Thanks for including your 'use' line -- that's so much better than
leaving it implied. Please also consider using 'require' instead, or
the :only option to 'use' to make it clear which functions are being
brought in from which lib.
> (defn split-string-in-two [s]
> (let [chunk-size (quot (count s) 2)]
> [(subs s 0 chunk-size), (subs s chunk-size)]))
Might this cut a word in half and produce (slightly) incorrect
results?
> 1. Is there a better way to do it? Perhaps agents should share some
> data structure?
I've got lots to learn in the realm of parallel program design, but
the sequential summing step at the end stood out to me. Perhaps
another agent that just does incremental summing along the way would
reduce the running time.
Also, the entire file is read in by a single thread -- perhaps the use
of mmap would allow the agents to start counting sooner and reduce
total run time that way. You may want to look at clojure.contrib.mmap
> 2. Despite producing valid results, the program never ends. Why?

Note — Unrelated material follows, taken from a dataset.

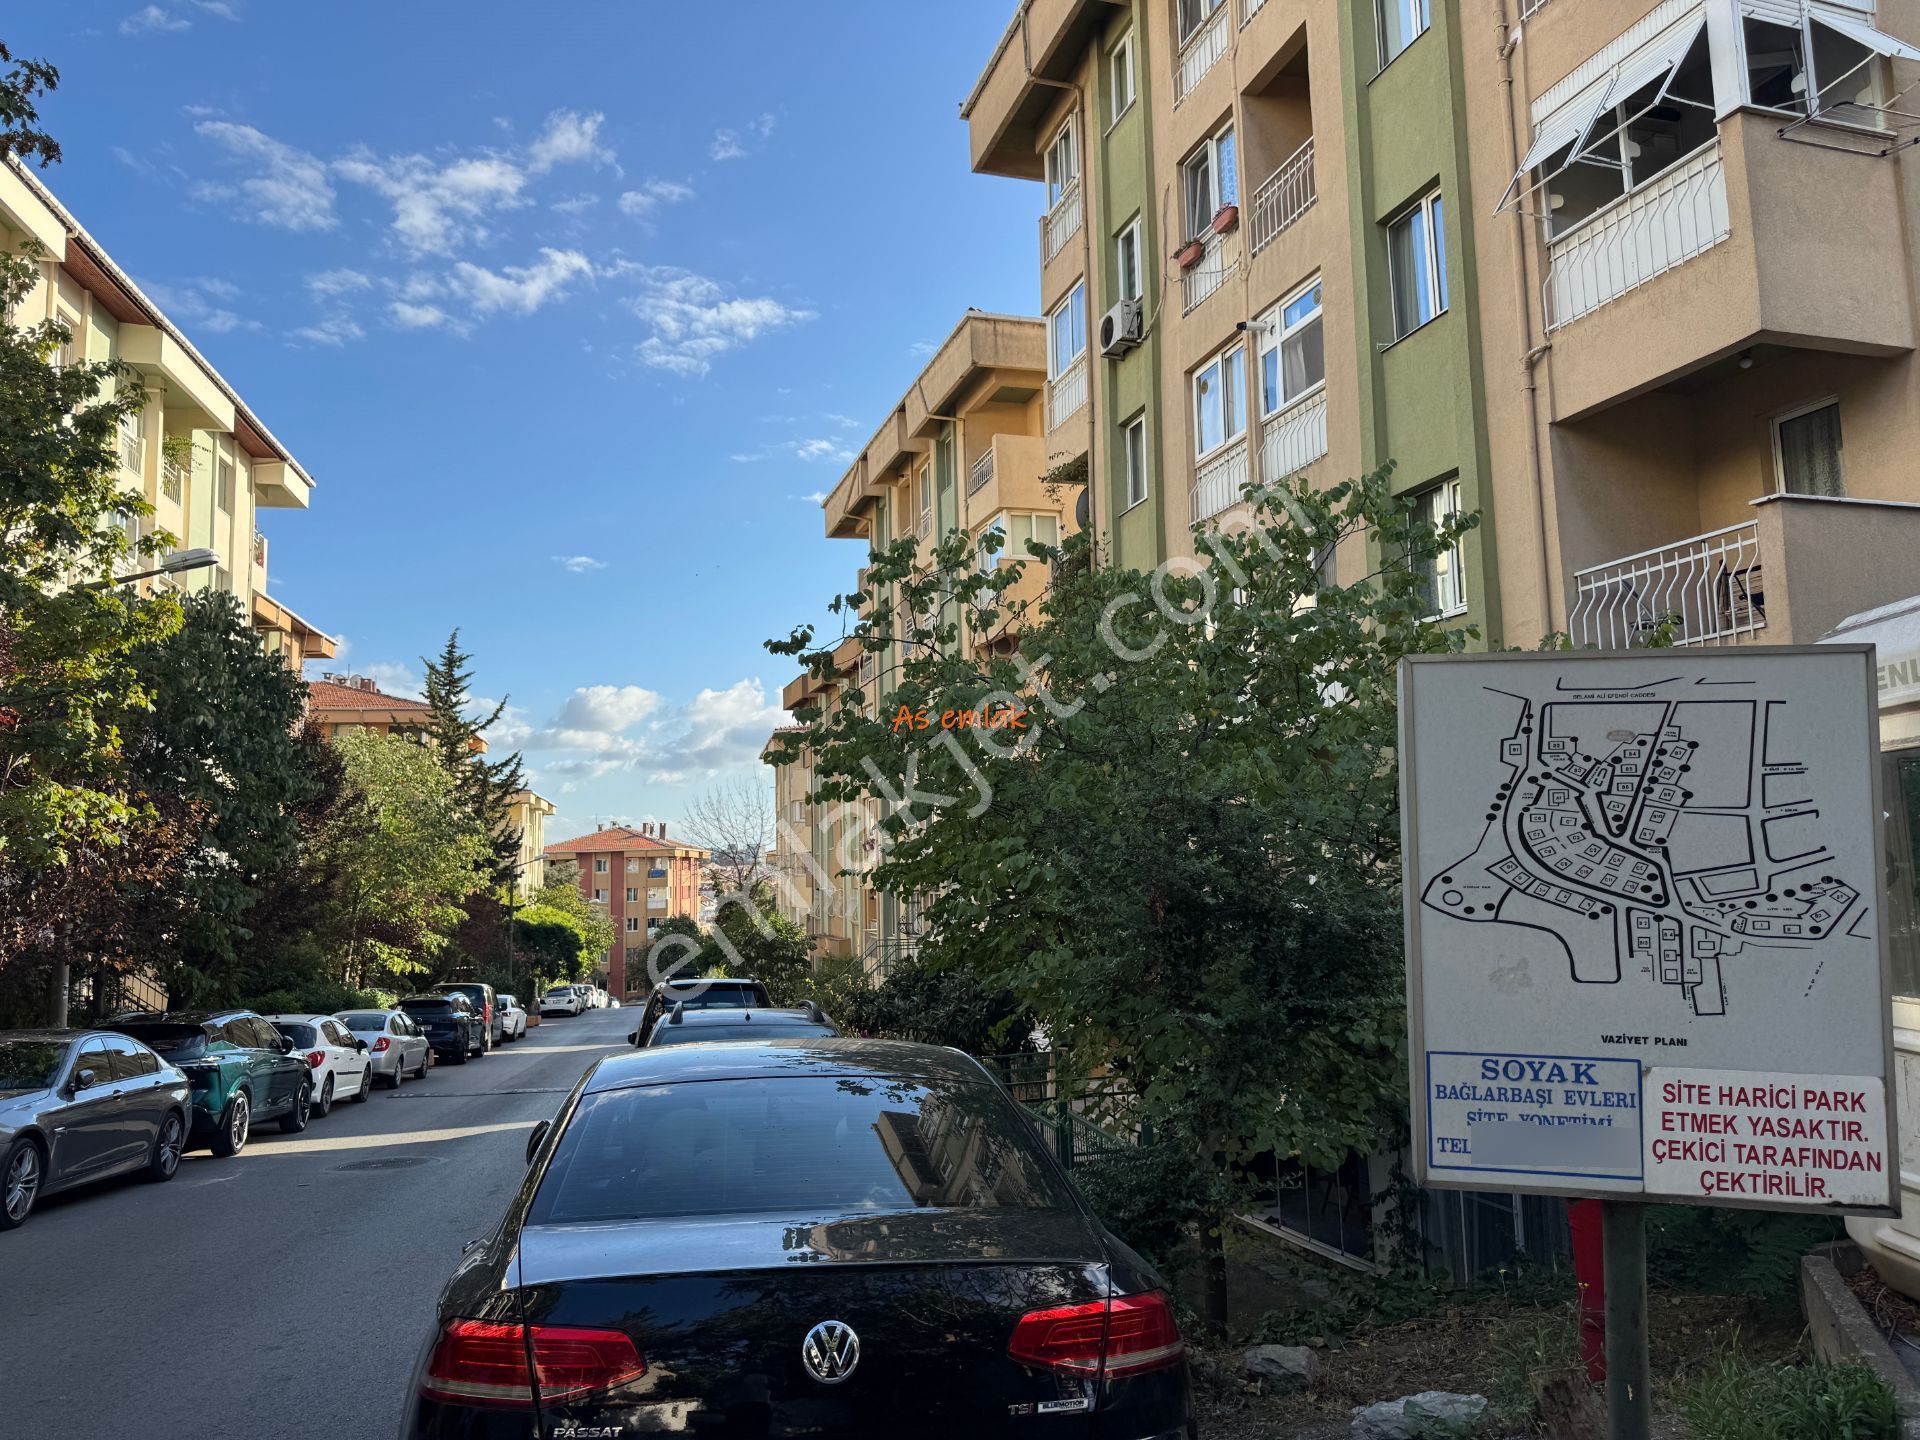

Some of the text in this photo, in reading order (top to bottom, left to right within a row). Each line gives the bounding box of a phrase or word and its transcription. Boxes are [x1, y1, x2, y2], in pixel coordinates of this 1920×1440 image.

When a program uses agents, the top-level of the program is
responsible for determining that all the agents have done what they
need to, and that the program can terminate. At the REPL this can
generally be done with Ctrl-D. In a Script, use (shutdown-agents). I
imagine this ought to be done by the same level of code that calls
parallel-top-words, since p-t-w itself can't know that no other agent
work is being done.
--Chouser
> On Dec 30, 9:18 am, Mibu <mibu.cloj...@gmail.com> wrote:
>> In an ideal world, standard functions like map, sort, reduce, filter,
>> etc. would know when to parallelize on their own, or even better, the
>> compiler will do it for them.
>
> The former is easier than the latter ;-) Even the smartest
> autoparallelizing compilers rely on manual annotations to expose lack
> of sequential dependencies in loops, but a function's API can
> guarantee that parallelism and let the function's implementation do
> the heavy lifting.
Manual intervention is required not only for the identification of
dependencies, but also for telling the compiler where parallelization
makes sense for gaining efficiency. It is often said that pure
functional programs have the advantage of being autoparallelizable
because there are no hidden dependencies, but there still isn't any
decent autoparallelizing compiler for any functional language at the
moment. One of the reasons is that performance analysis is still very
difficult. Perhaps one day we will have parallel JIT compilers for
this, but that's not for tomorrow.
> incredibly frustrating for users (trust me). This means it's better
> to have simpler compilers and smarter libraries.
Definitely!
Konrad.